従業員の勤務態度不良を理由とする解雇が行われることがありますが、その場合、解雇の効力を判断する上での一つの観点として、解雇に至るまでに具体的な注意が与えられ、改善の機会が与えられたのかどうかという点があります。

解雇せざるを得ないというほどの勤務態度不良があるというのであれば、会社としては当然、改善に向けた何らかの行動をとっているはずであるし、逆にそれがないと、解雇するほどの問題があったのかについて強い疑問が投げかけられます。

一例として、アルバイト従業員に対する勤務態度不良を理由とする解雇の効力が争われた例(東京地方裁判所平成20年1月25日判決)を見てみます。

事案の概要

この事案では、カプセルホテルのフロント補助業務を行うアルバイトとして雇われた労働者に対して行われた解雇の効力が問題となりました。
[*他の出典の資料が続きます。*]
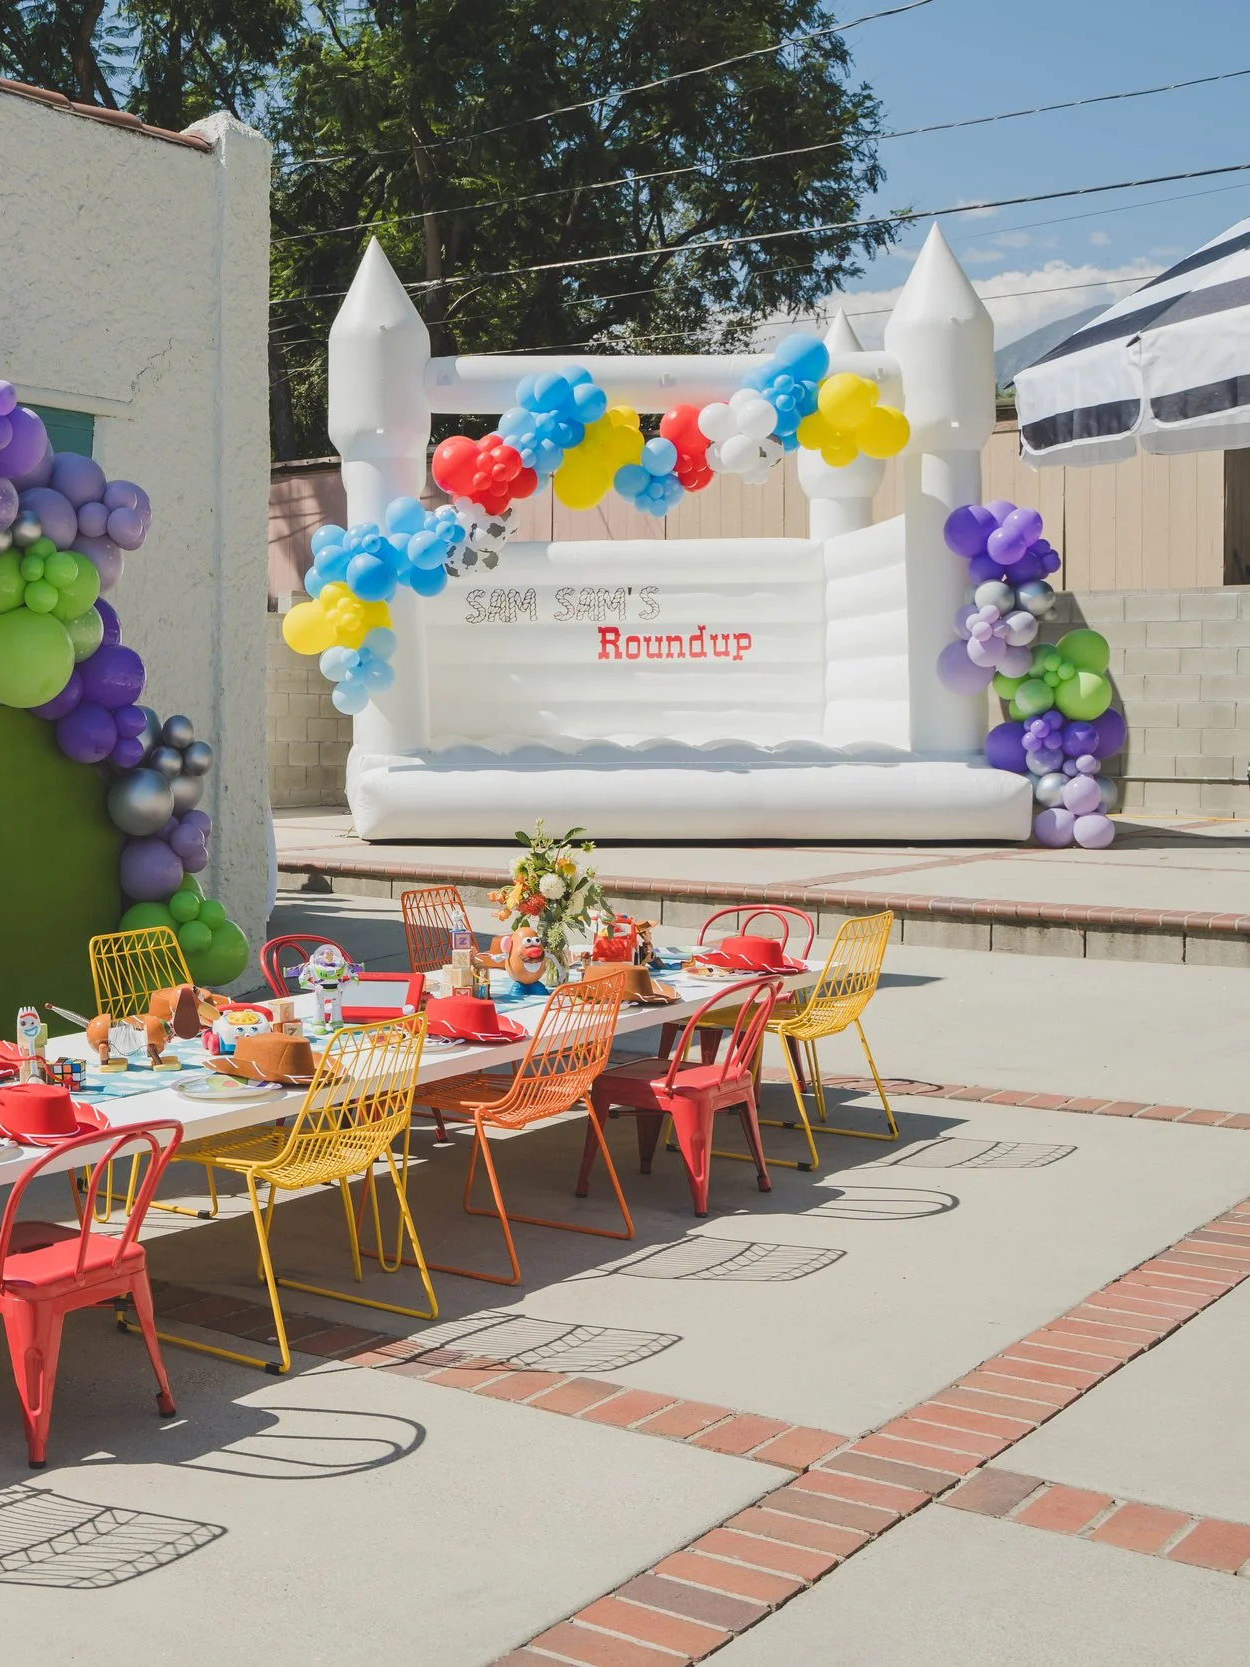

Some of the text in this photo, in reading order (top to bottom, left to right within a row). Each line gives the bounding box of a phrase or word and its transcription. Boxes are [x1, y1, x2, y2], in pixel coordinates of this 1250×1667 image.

[465, 585, 661, 624] SAM SAM'S
[597, 625, 752, 661] Roundup
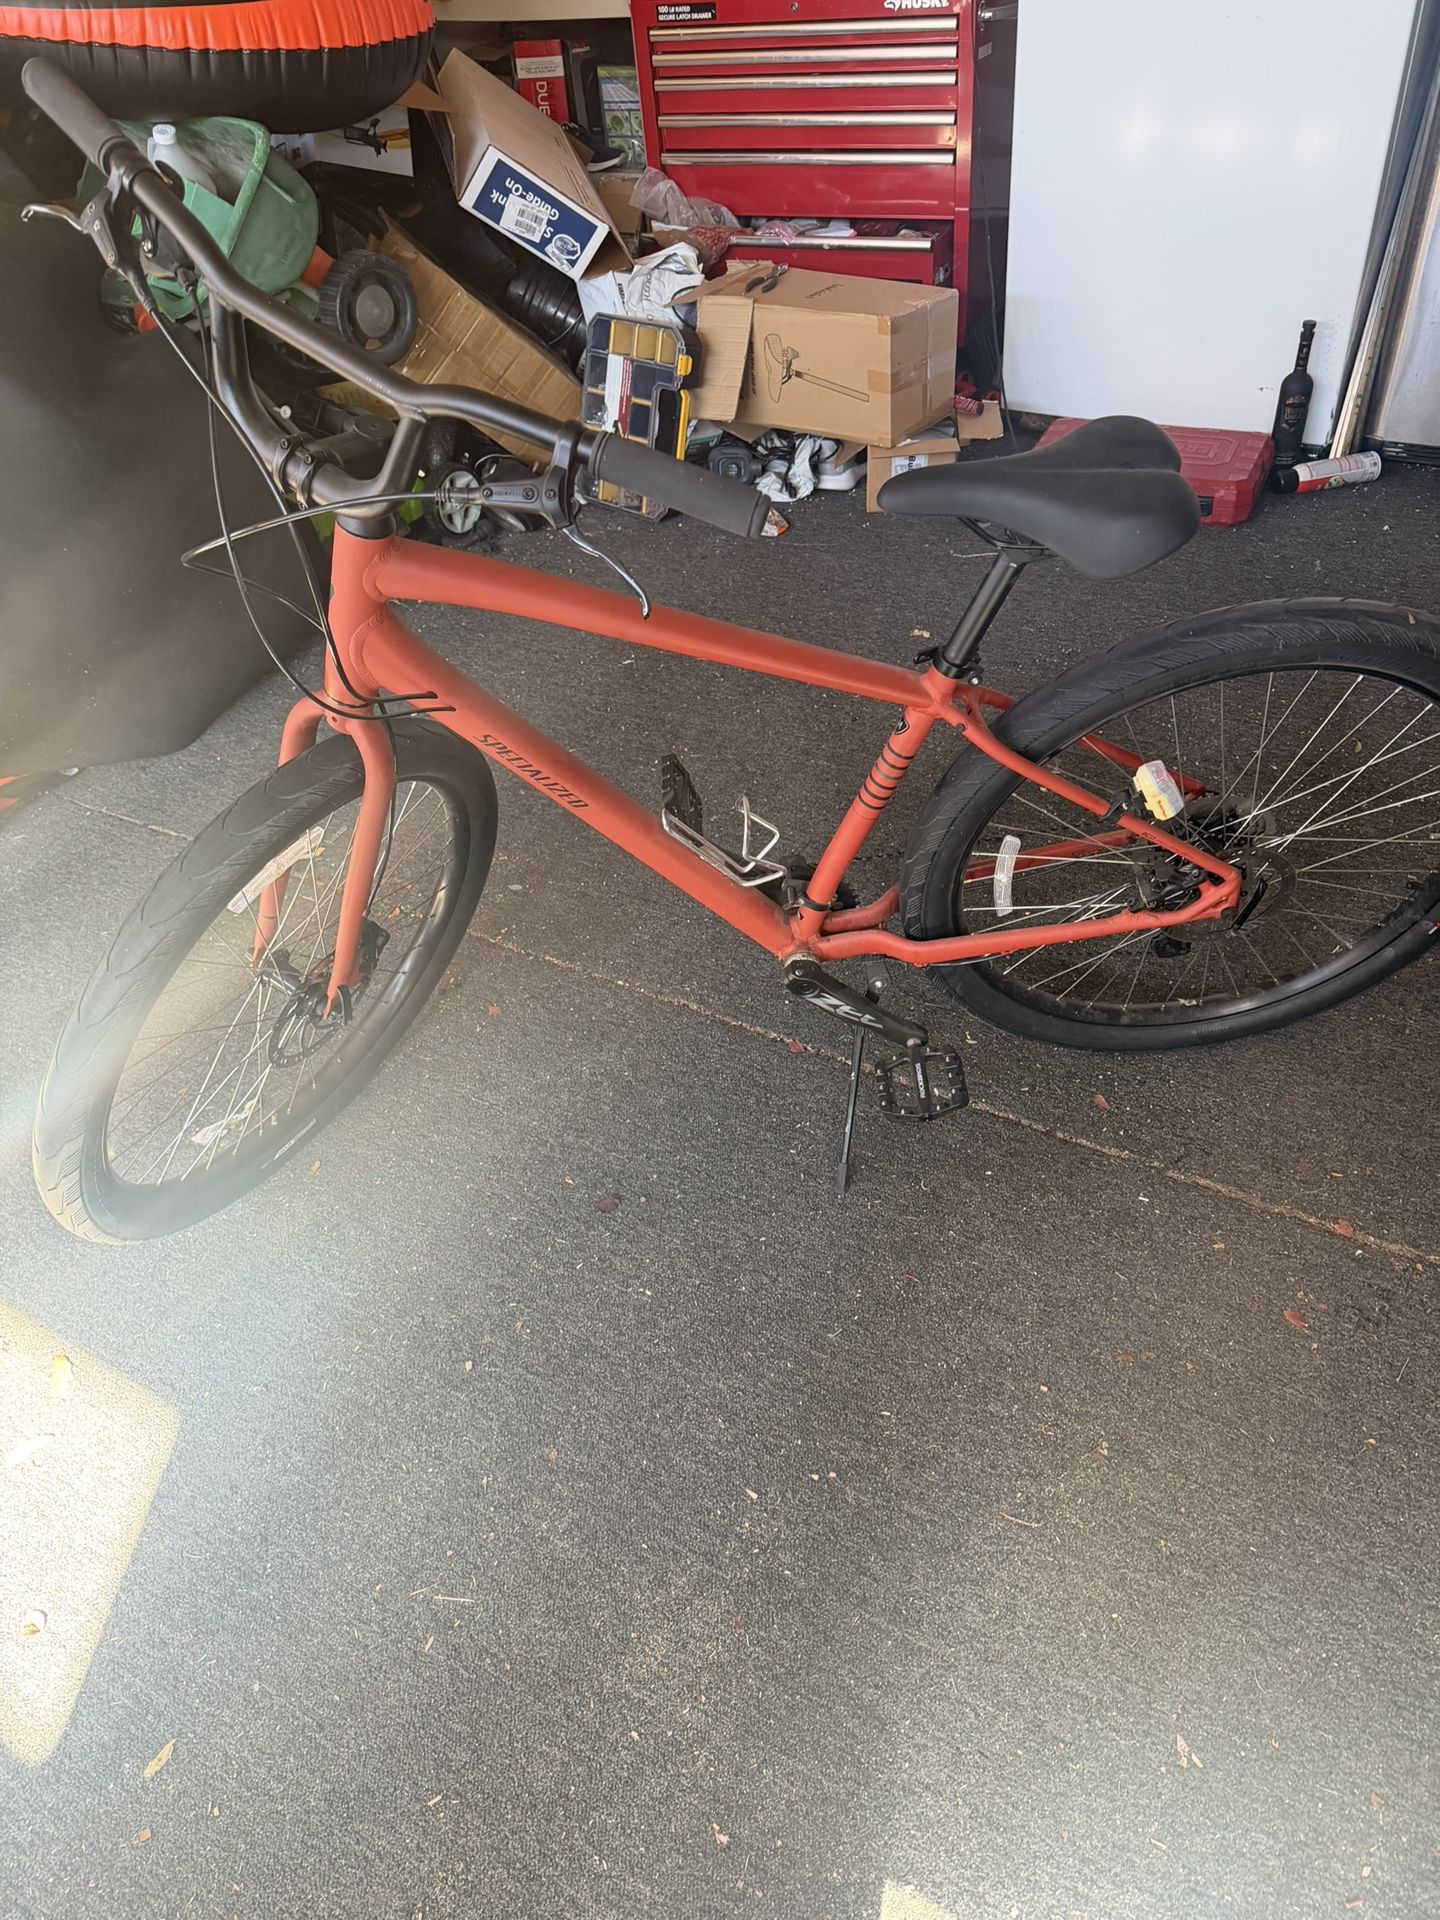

解雇理由として会社から主張されたのは、「原告が勤務中に度々宿泊客とトラブルを起こし、宿泊客からのクレームが多いこと、他の従業員ともなじまず、従業員の和が乱れること、原告のこれまでの勤務態度からして、ホテル従業員としての適格性に著しく欠けていること」などでした。

裁判所の判断

解雇の効力

これに対して、裁判所は、「原告の接客態度に穏当を欠く不適切な言動があった形跡はうかがわれる」としながらも、

  • ・ほかの社員(正社員)らが原告に対して、面と向かって注意なり指導をした形跡がないこと
  • ・原告がフロント業務なりラウンジ業務をことさらに行わなかったりした様子はなく、むしろ原告なりに業務を全うしようとしていること
  • ・業務の過程でクレームが生じているとしても、カプセルホテルの営業が大きく混乱したり、営業上の具体的な損失が大きく生じているわけではないこと
  • ・ホテルの支配人から解雇に先立って、原告に対して明確な形で面と向かって注意した様子もなく、原告における勤務中の言動が解雇をしなければならないほど深刻かつ喫緊なものであったとは認められない

ことを指摘しました。

そして、会社が主張する「他の従業員との関係や原告の従業員としての適格性」についても

  • ・不満が社員から上がったのは本件解雇の半年前くらいからで、それ以前には問題があまりなかったこと
  • ・会社なり支配人から原告に対してこのままでは解雇せざるを得ないなどの事情を具体的に説明するなり注意した上で原告に勤務態度や考え方の修正を迫ったり要求した経緯がないこと

を指摘して、解雇事由としては不十分であり、解雇は無効と結論づけました。

損害賠償請求

本件で、原告は、本件解雇によって精神的苦痛を被ったとして、慰謝料請求も行っていました。

しかし、裁判所は、会社がなした解雇が全く理由のないものであるとまでは言えず、原告が解雇により被る不利益は従業員としての地位確認や賃金債権の保証によりある程度までは補填できているとして、慰謝料請求までは認めませんでした。